There is no "correct" value. It means S3QL will try to do up to 24
uploads in parallel.

> * I've tried several different combinations of arguments attempting to set
> the cache size and maximum cache entries but in every case, cache entries
> top out at about ~4K and cache size seems to float around 30-35GB,
> presumably shifting as the size of those 4K entries changes?

You need to be more specific. Please post a concrete set of options that
you used, the results that you got, and the results that you'd rather have.
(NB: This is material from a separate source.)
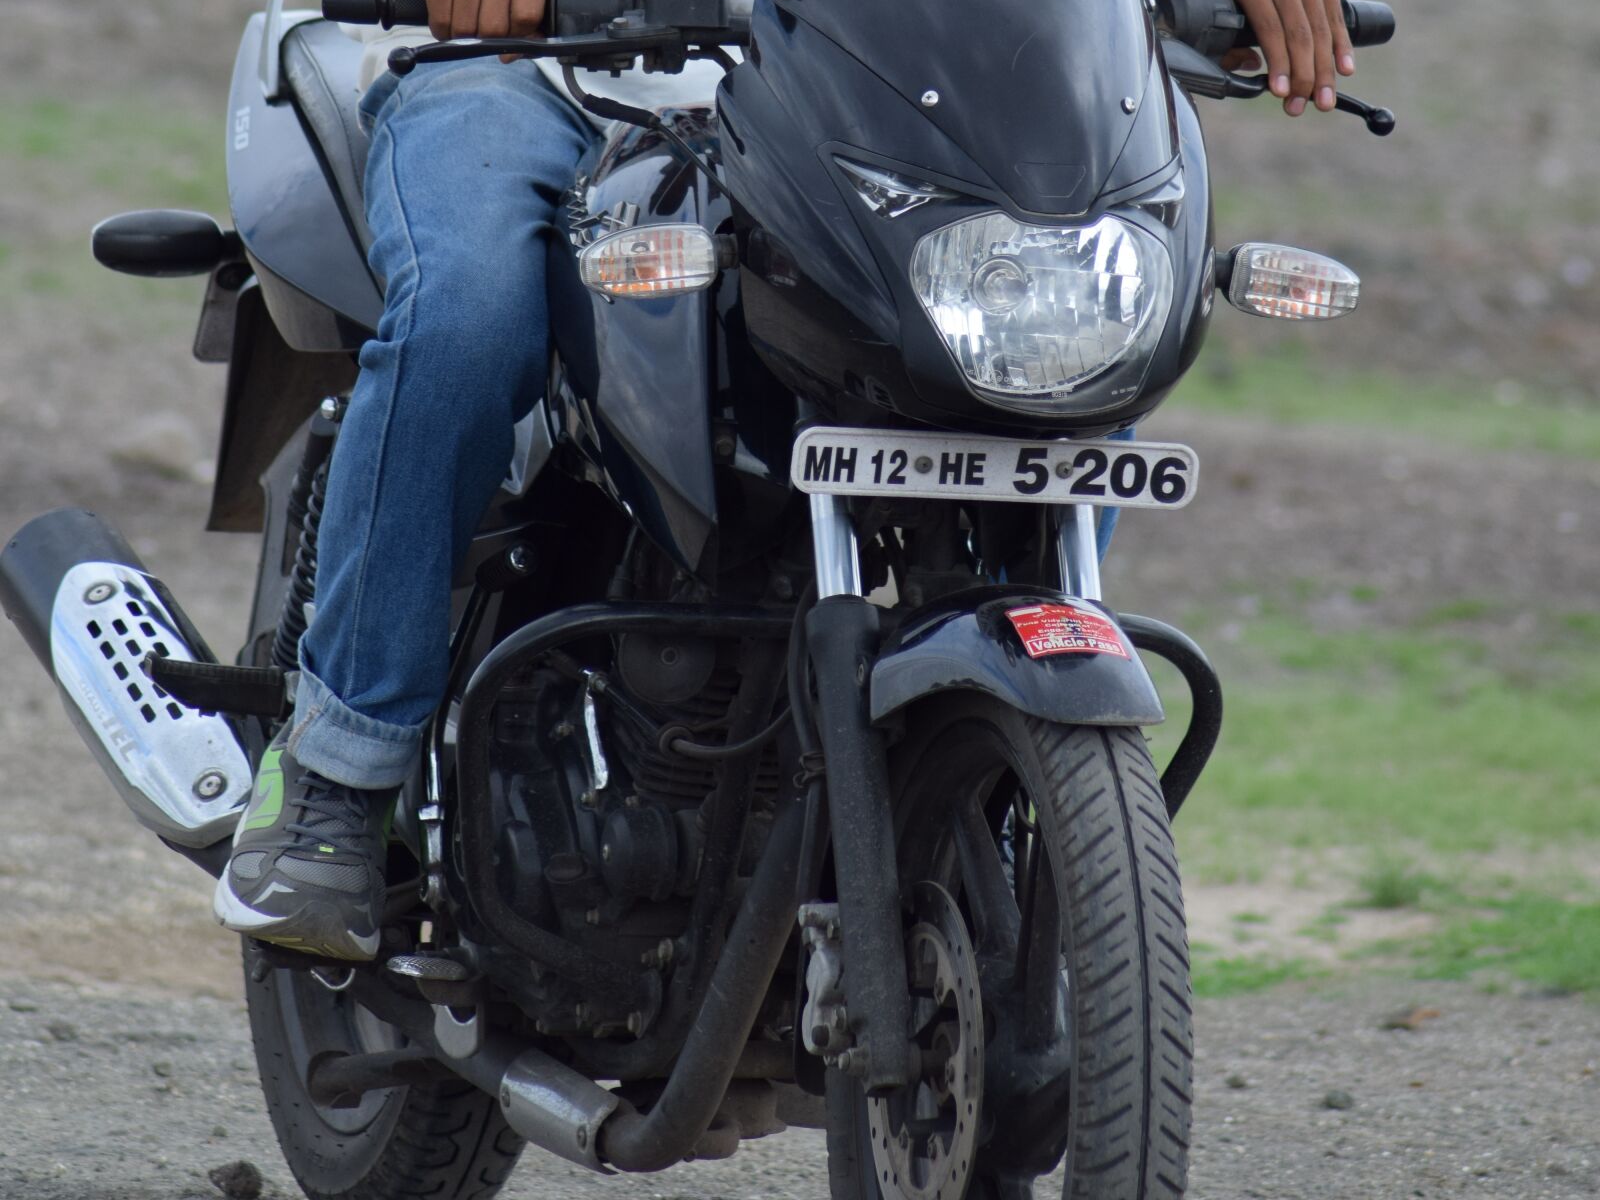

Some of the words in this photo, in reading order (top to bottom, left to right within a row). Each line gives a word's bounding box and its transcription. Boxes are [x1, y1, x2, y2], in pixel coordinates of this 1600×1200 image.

> * I get better throughput (up to 120MB/s average incoming to the server,
> with bursts to 200MB/s) until eventually all of the cache is dirty. Then
> throughput drops to half or less. This makes sense, if the cache is all hot
> it seems like I'd then switch to "write-through" traffic and be limited to
> the back end connection, and unless my cache is TBs in size I'll eventually
> have that problem in any case. But I do have a cache volume mounted of
> 300+GB and would like to make use of it. What's limiting my cache entries
> and size?

The number of available file descriptors and the --max-cache-entries
argument.

> * In every case (depending on the number of rsync clients and their network
> connections) I get up to about 200MB/s and no more despite the server
> having bonded 10Gb connections and the back end swift cluster having
> multiple 10Gb connections. Where's my bottleneck?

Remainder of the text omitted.